I was thinking of things in my life that have changed since my last birthday:
- I can now carry on conversations with my granddaughter, who turned 20 months old yesterday.
- Michael is no longer an employee of Taylor University and we are in the job-hunting mode.
- I have definitely decided that gray is okay…no longer on the color? no color? fence.
- I am no longer homeschooling and Zach has successfully completed a year in public high school.
- Some dear people I know who were here last year are in Heaven now.
- Everybody who reads this is a year older today than they were a year ago today.
We tend to measure our lives by a couple of things, I think–at least I do: change and milestone events. One–marking the milestones–almost always forces a measure of the other–change. It is probably good to reflect along those lines now and then, and birthdays are as good a time as any.
But, here’s a different twist, and I think maybe I’d like to make this a bigger part of my regular reflection on life in the coming year. We are almost at the end of our year of reading through Chuck Swindoll’s little devotional book Bedside Blessings, to which I’ve referred here more than once. This one from the other day has stuck with me this week:
God’s hand is not so short that it cannot save, nor is His ear so heavy that He cannot hear. Whether you see Him or not, He is at work in your life this very moment. God specializes in turning the mundane into the meaningful. God not only moves in unusual ways, He also moves on uneventful days. He is just as involved in the mundane events as He is in the miraculous. One of my longtime friends…often says with a smile, “God moves among the casseroles.”

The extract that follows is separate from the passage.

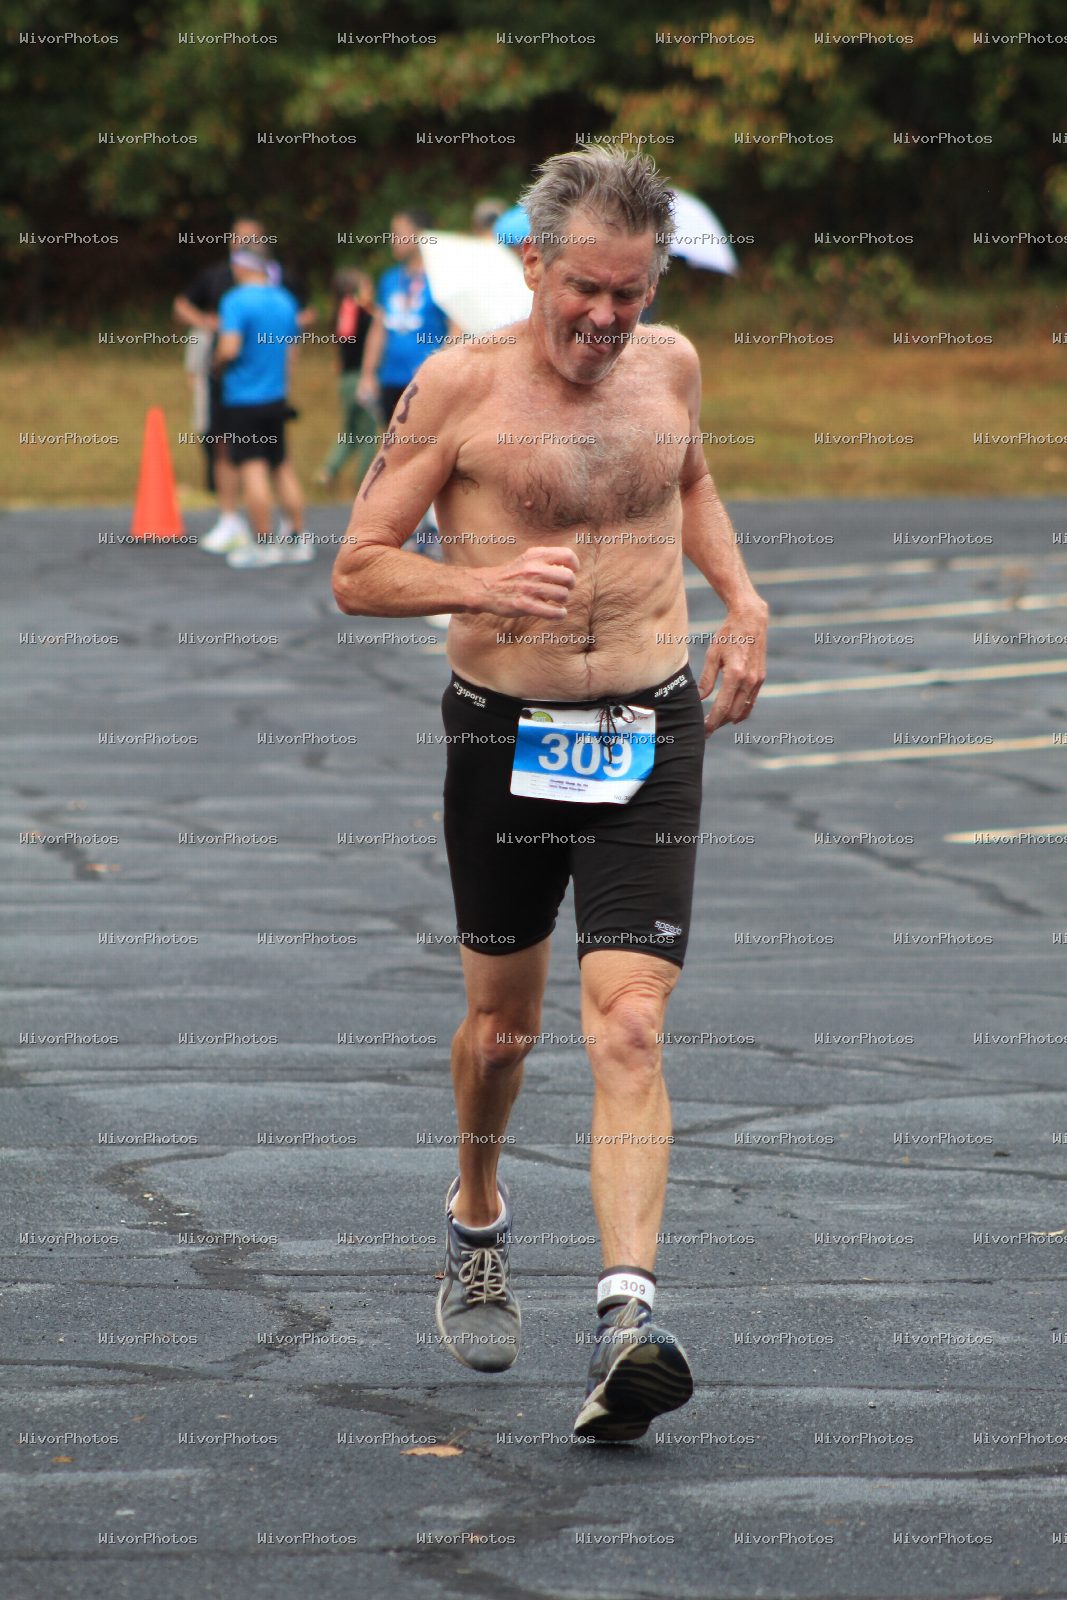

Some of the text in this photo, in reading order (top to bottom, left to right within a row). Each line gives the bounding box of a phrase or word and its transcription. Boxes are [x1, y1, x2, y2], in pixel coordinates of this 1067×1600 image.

[654, 674, 686, 698] all3sports
[538, 732, 633, 778] 309
[619, 1279, 647, 1296] 309

I like that. And I will be watching for Him more often there, as I move from this celebration day into a new year of everyday.
That passage from the devotional book you’ve been reading is interesting…whether considering the “don’t put God in a box” cliche or thinking about how I’m always waiting too see or hear about the “big” things that God does while multiple “little” God things pass by without me batting an eye. As “small” as some acts of God may seem, they are all enacted by a BIG God who is the same always. He oversees a world full of changing people, yet He himself changes not. Our prayers and petitions to Him may influence the specific ways in which His power comes forth (i.e. though He does as He pleases and can act regardless of whether or not we pray, He does act based on our prayers — He gives because we ask), but nothing we ever ask for, neglect, do, or fail to do can change who He is/His make up/the core of what makes Him God.

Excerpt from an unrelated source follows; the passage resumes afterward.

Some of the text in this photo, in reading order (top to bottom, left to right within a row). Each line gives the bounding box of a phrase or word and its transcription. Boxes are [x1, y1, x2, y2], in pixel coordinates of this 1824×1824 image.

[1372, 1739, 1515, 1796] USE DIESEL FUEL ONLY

I’ve thought often as of late about pain and my problem with it (I really need to make a priority of reading Lewis’ book on that very subject). I wonder why a God of love allows suffering, especially, from what I can gather, that He allows some people to experience deeper and/or more frequent pain than others. I do not think that we humans suffer to the same degree, though we all do suffer at one time or another. Maybe this thinking is flawed, but that is what I think at this time…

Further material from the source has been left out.